'Surviving Life' is an animated psychoanalytic romp, unlike anything else
Published: Tuesday, November 13, 2012
Updated: Tuesday, November 13, 2012 00:11
It’s not often that a film can elicit simultaneous laughter, confusion, and empathy. And it is even more rare when it uses crude paper cutout animation to do it. But Surviving Life, a film from Czech animator Jan Švankmajer, does just that.
It's a self-proclaimed psychoanalytic comedy following the middle-aged Milan (Václav Helšus), a man obsessed with his dreams. He turns his back on everyday existence for the world of romance created by his subconscious, if he can manage to induce the dreams and live with the consequences of what they mean.

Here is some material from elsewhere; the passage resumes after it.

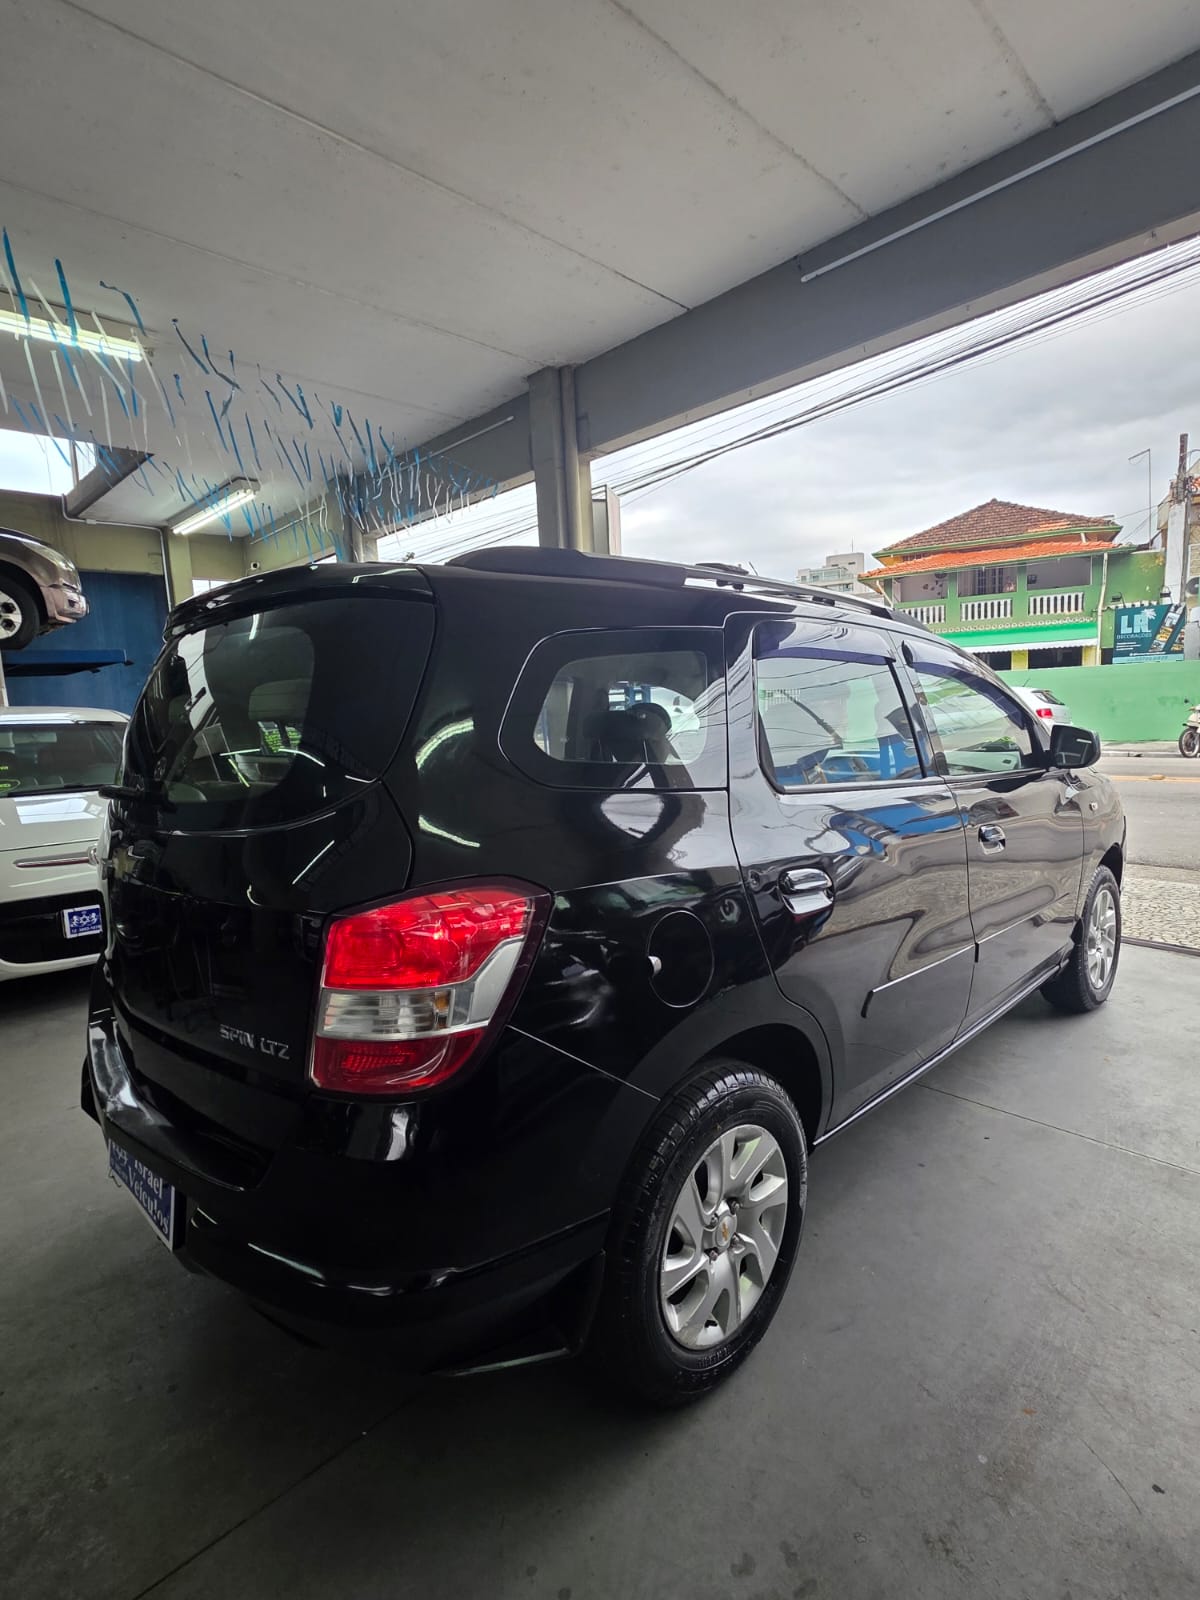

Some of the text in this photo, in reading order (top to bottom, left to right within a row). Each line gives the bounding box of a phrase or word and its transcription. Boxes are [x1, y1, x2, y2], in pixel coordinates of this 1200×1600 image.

[1121, 613, 1151, 634] LR
[220, 1024, 290, 1060] SPIN LTZ
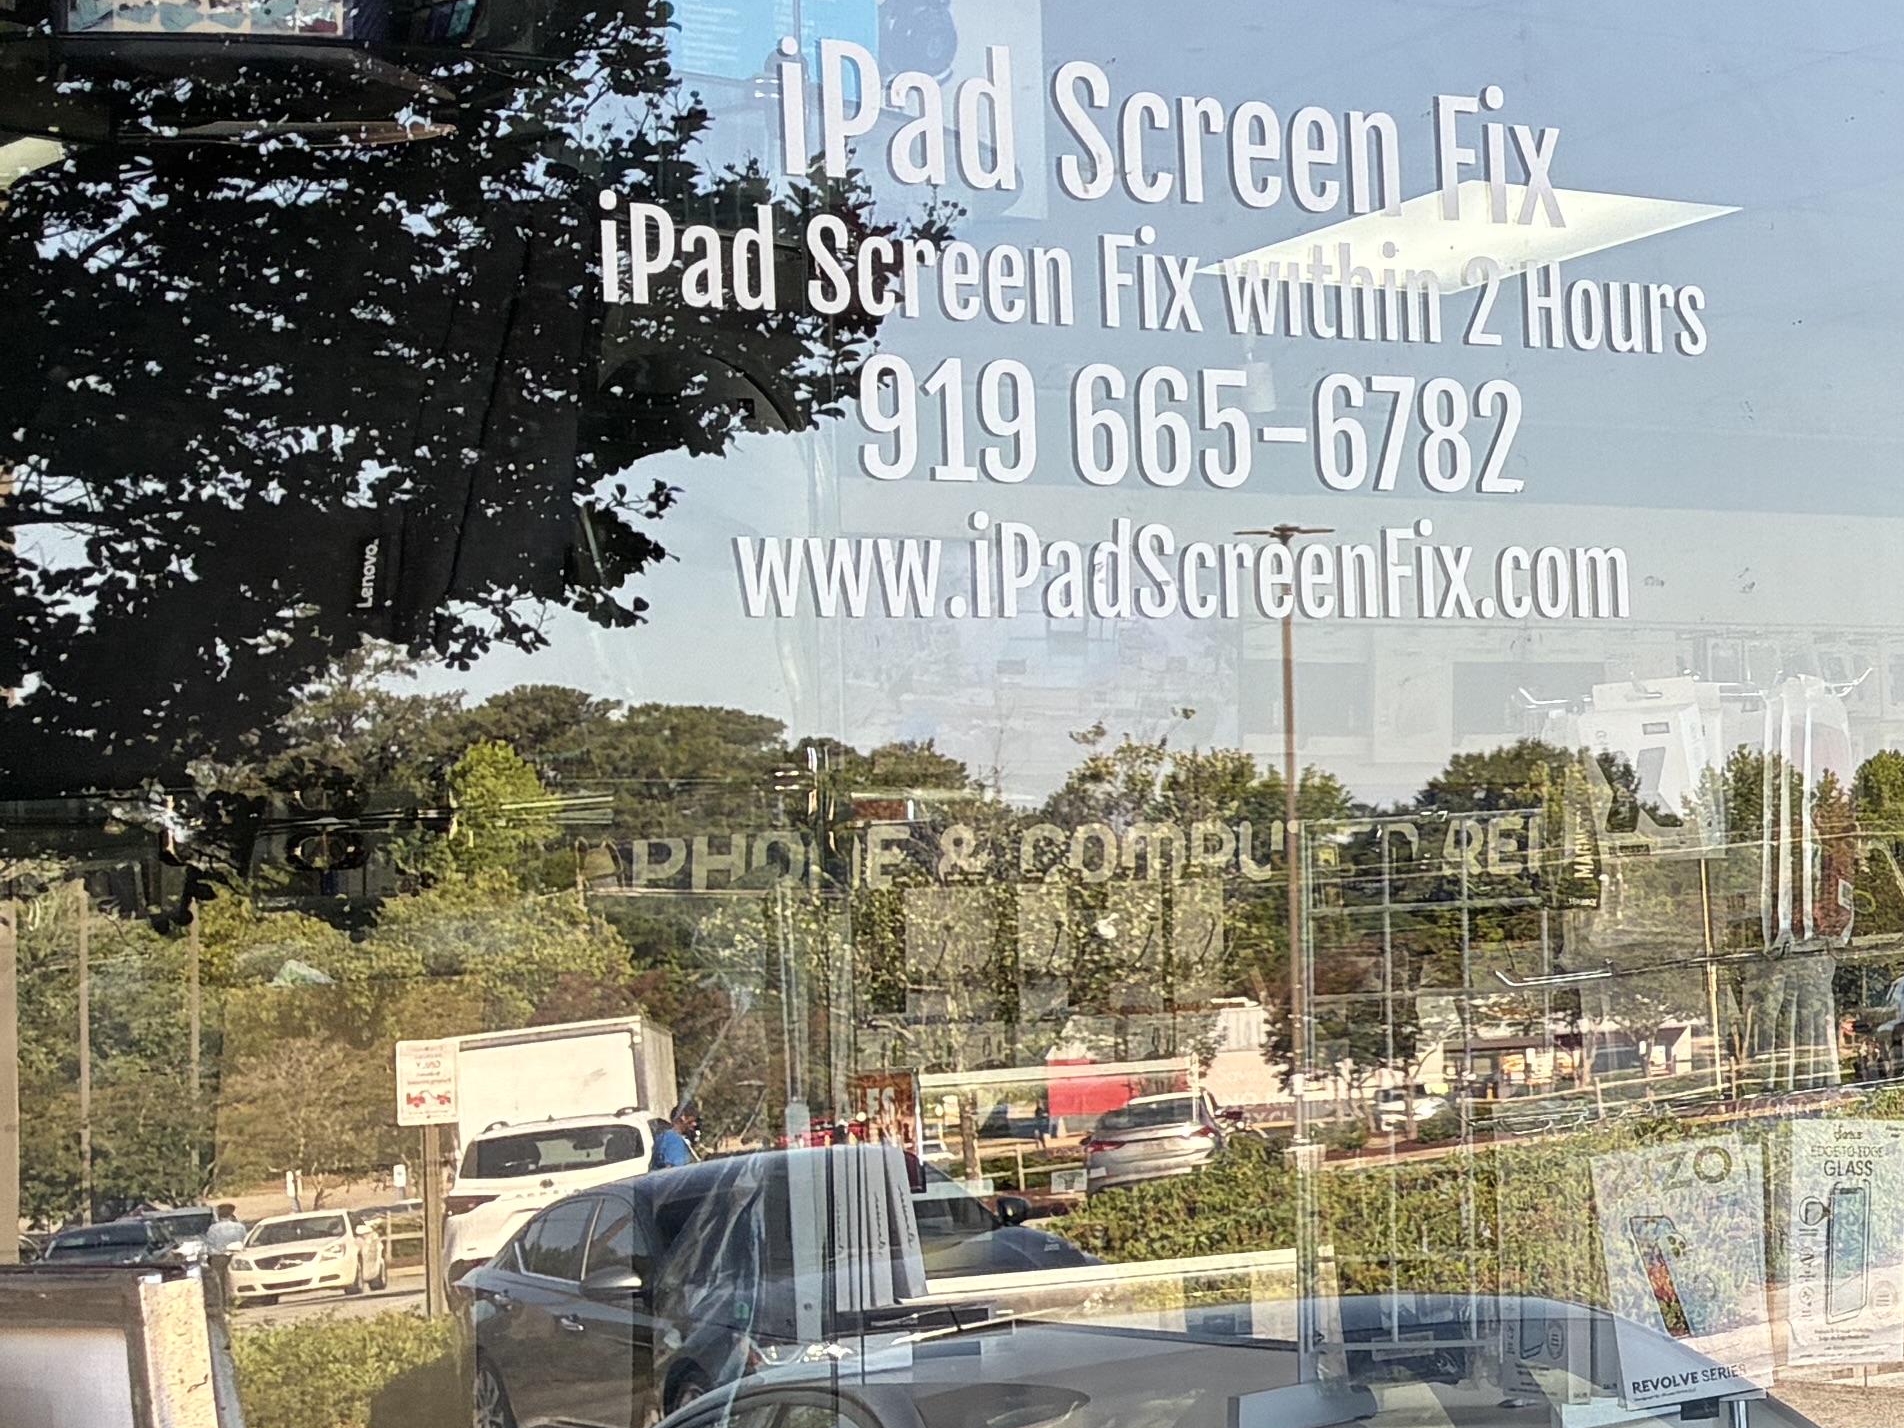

This film doesn’t do anything subtly. It opens with an introduction by Švankmajer, which he concedes functions solely to lengthen the film. In a style of animation calling attention to its own absurdity, Surviving Life utilizes the very psychoanalytic techniques it mocks in an effort to discuss the interaction of a character visiting his psychoanalyst. It is meta on the meta level, about a subject that has become virtually ineffable, especially on a visual level.
It features sessions between Milan and his psychoanalyst (Daniela Bakerová), in which portraits of Freud and other figures of 20th century psychology react to the discussion in poignant and comic ways. It is smartly self-aware in its treatment of dream and psychology, and what implications they have for the lives we lead.
Švankmajer draws a keen distinction between dream and reality. The dream world is one of abstracted motion, flights of fanciful grandeur and big ideas. It is the world of the stuttering cutout animation, where chickens have women’s breasts and every kiss gets applause from dismembered hands. Reality is about detail, felt intimately by all of the senses. Close-up, live action clips representative of reality break up the animated sequences, instilling doubt about the truth of the images. Dream conforms to its own rules—rules that are arbitrary and unpredictable, but nonetheless immutable. Reality is calculable and one-noted, but more burgeoning.
Surviving Life contains grotesquerie and nudity galore. But it also rings truths about desire and our ideal states of being. The chemistry among the characters is keenly felt, especially considering the inelegant format of the film. Surrealism is not everybody’s cup of tea, nor is psychoanalysis. But if you can swallow such things, this film is an interesting and effective combination of the two, complete with an emotional punch that’ll knock your socks off.